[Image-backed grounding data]
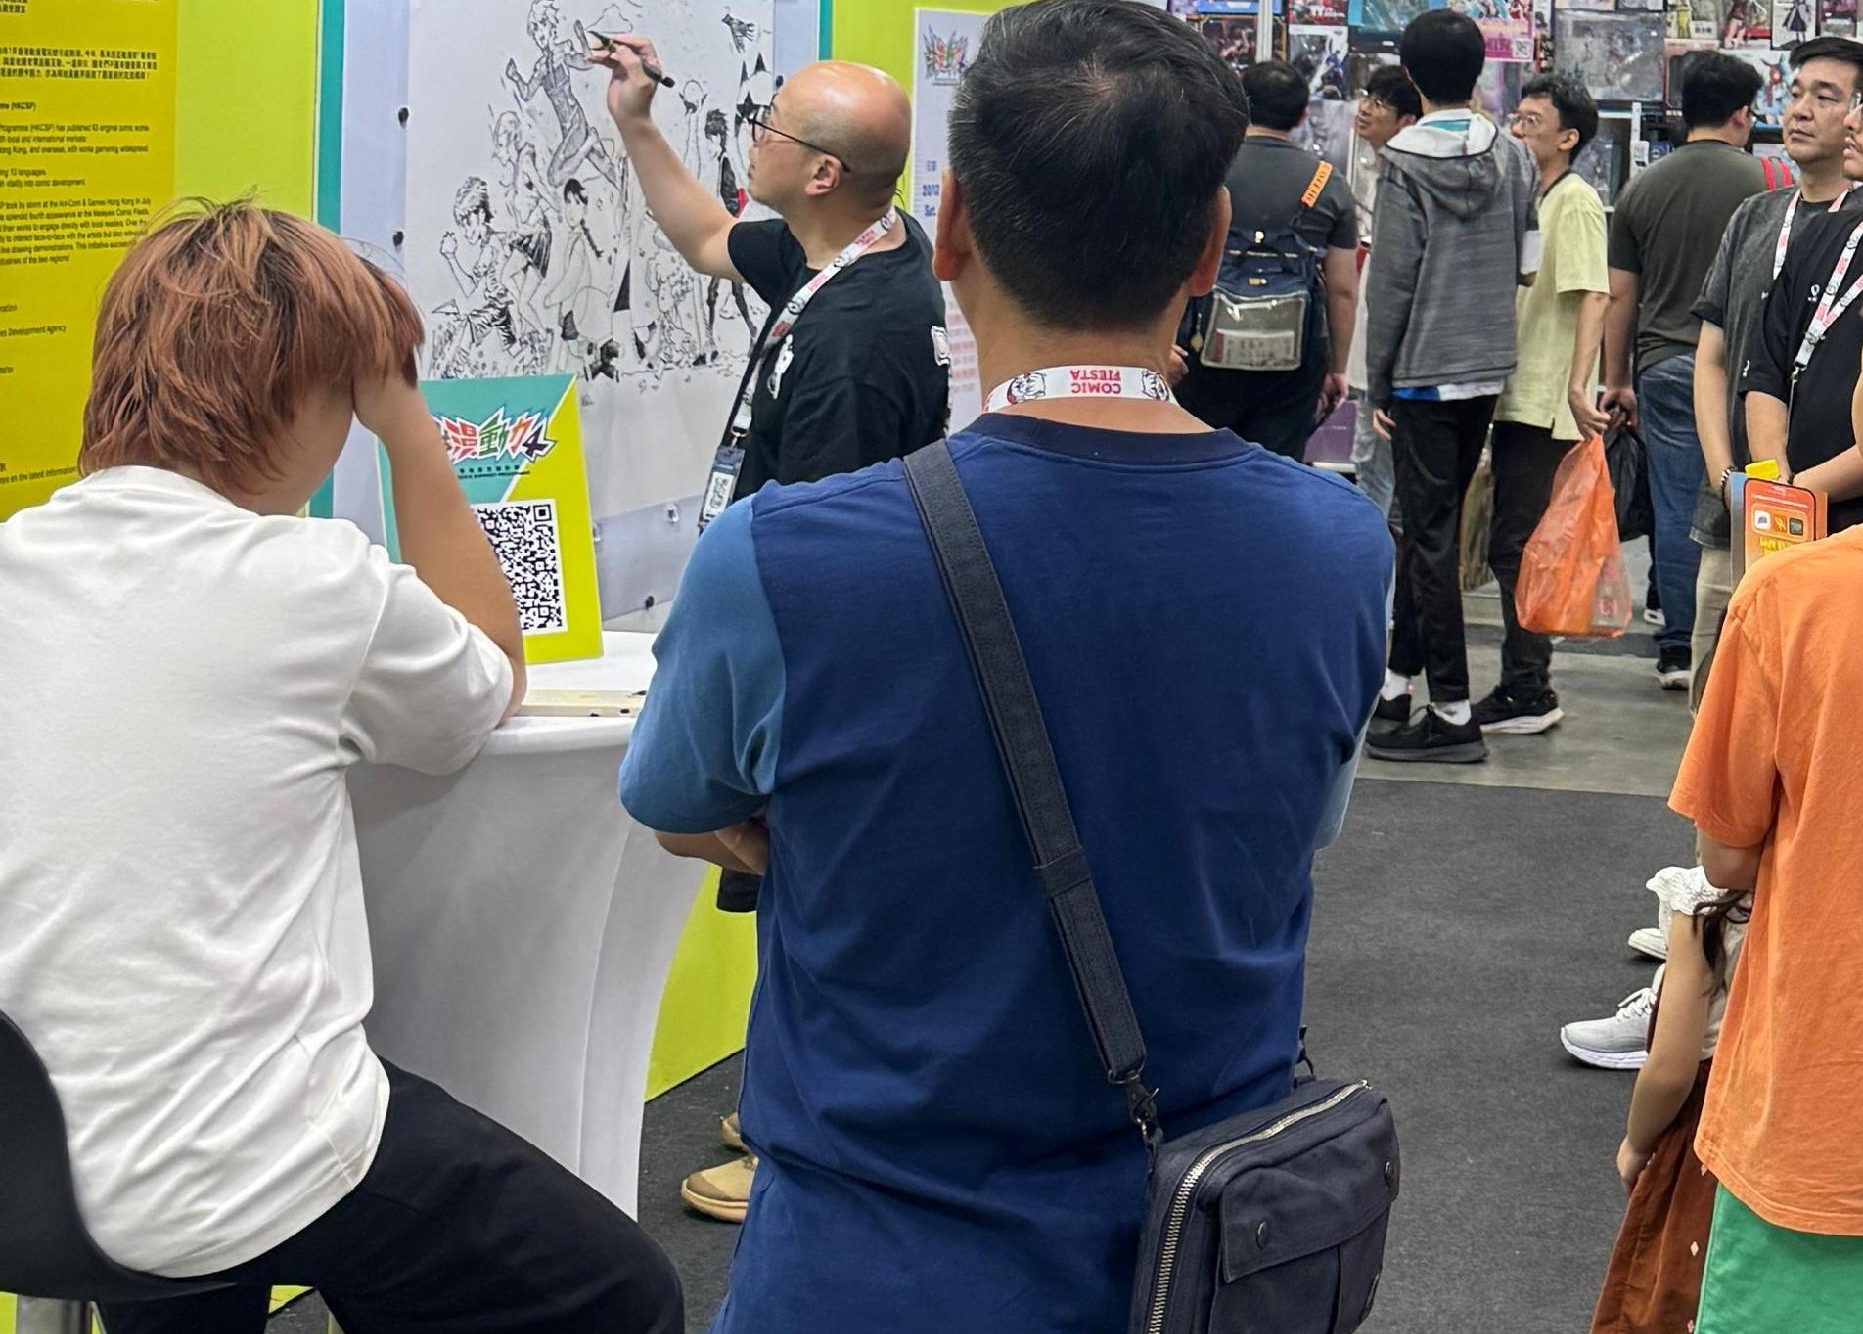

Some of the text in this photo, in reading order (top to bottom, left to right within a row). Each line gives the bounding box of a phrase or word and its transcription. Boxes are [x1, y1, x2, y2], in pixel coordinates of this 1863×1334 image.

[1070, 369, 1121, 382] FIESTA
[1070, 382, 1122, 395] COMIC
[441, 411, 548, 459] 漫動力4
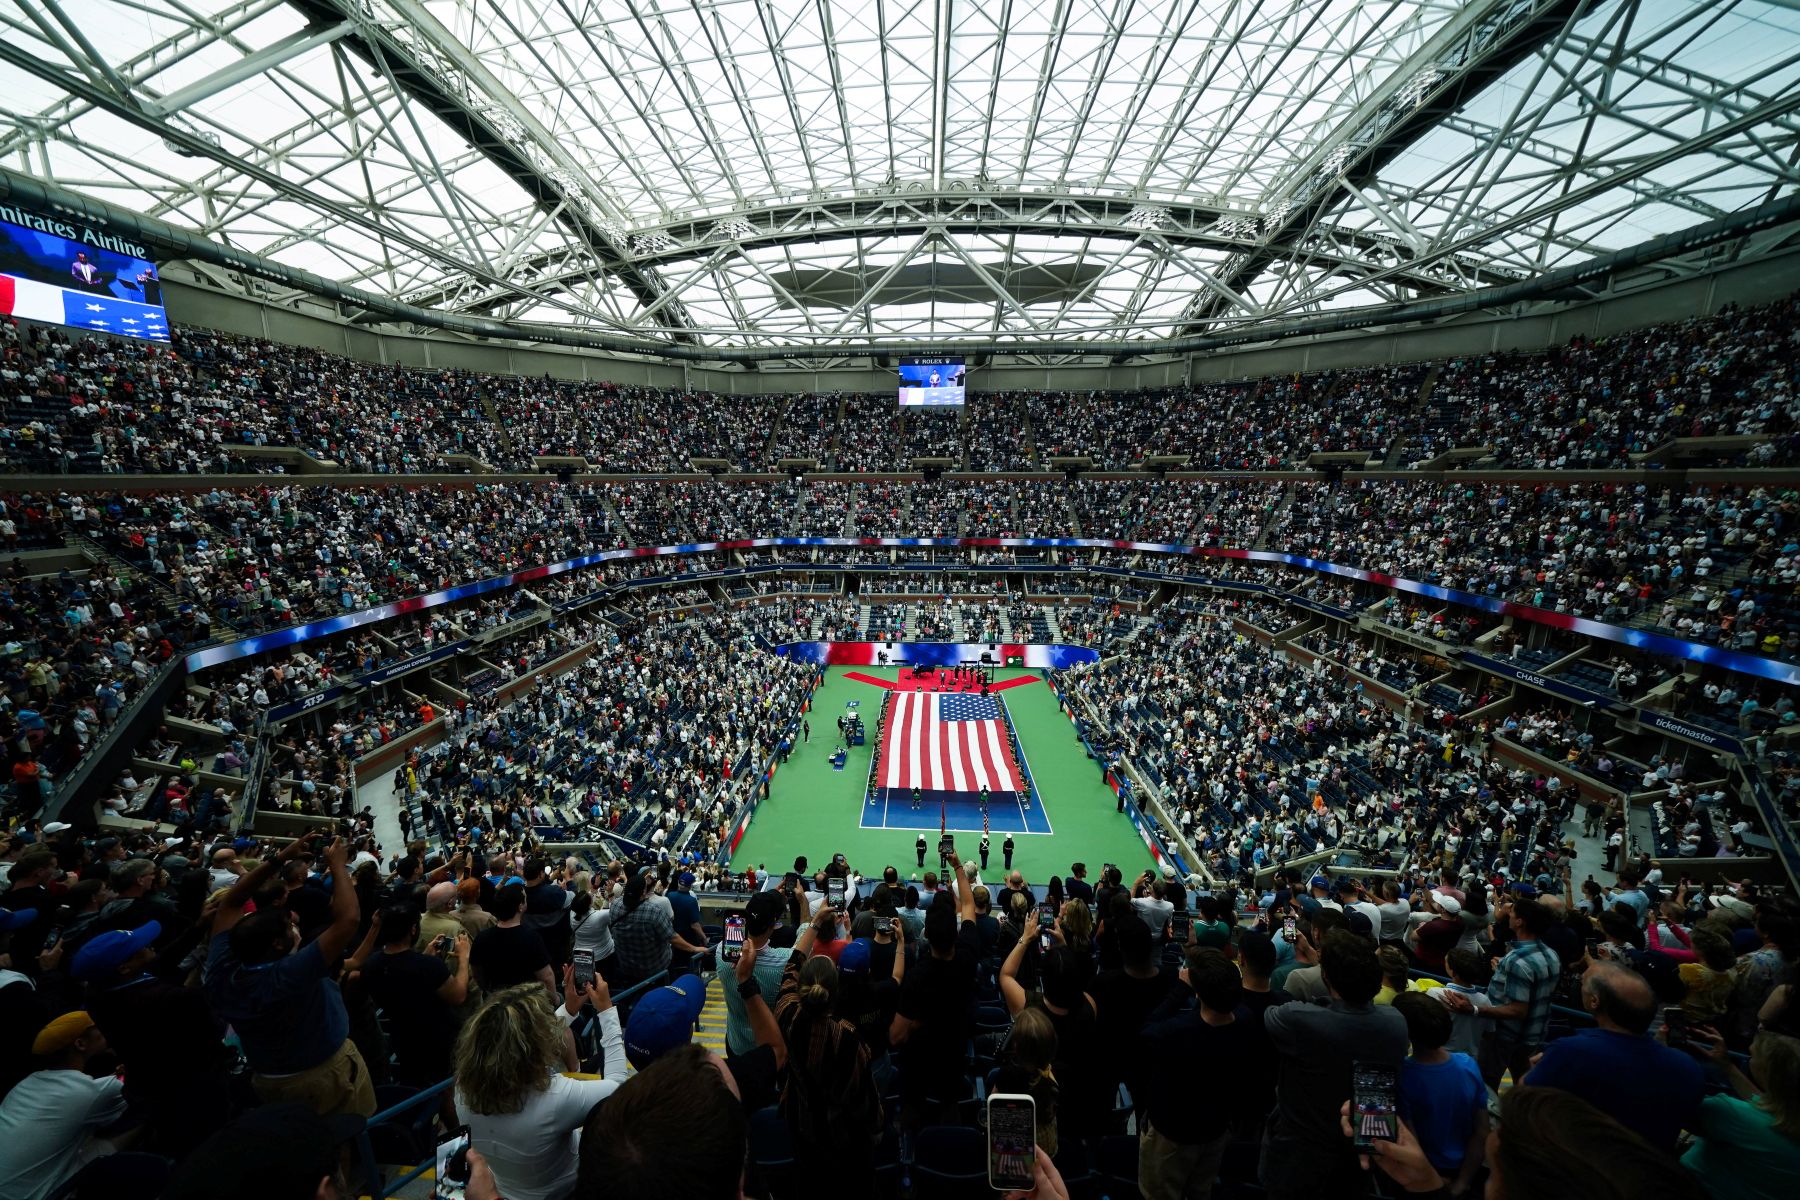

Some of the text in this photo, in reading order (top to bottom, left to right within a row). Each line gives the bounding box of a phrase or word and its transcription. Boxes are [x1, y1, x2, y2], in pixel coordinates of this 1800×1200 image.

◆ WHAT IS EXPECTED: What is needed is a word-for-word copy of the data above, free of any images.

◆ ANSWER FOR THIS EXERCISE:
Some of the text in this photo, in reading order (top to bottom, left to right within a row). Each line gives the bounding box of a phrase or word and its transcription. Boxes are [x1, y1, x2, y2], in pixel coordinates of this 1863×1334 image.

[1070, 369, 1121, 382] FIESTA
[1070, 382, 1122, 395] COMIC
[441, 411, 548, 459] 漫動力4

Some of the text in this photo, in reading order (top to bottom, left to right within a row). Each line gives the bounding box of a phrase or word and its transcription. Boxes are [x1, y1, x2, y2], in pixel coordinates of this 1800×1200 image.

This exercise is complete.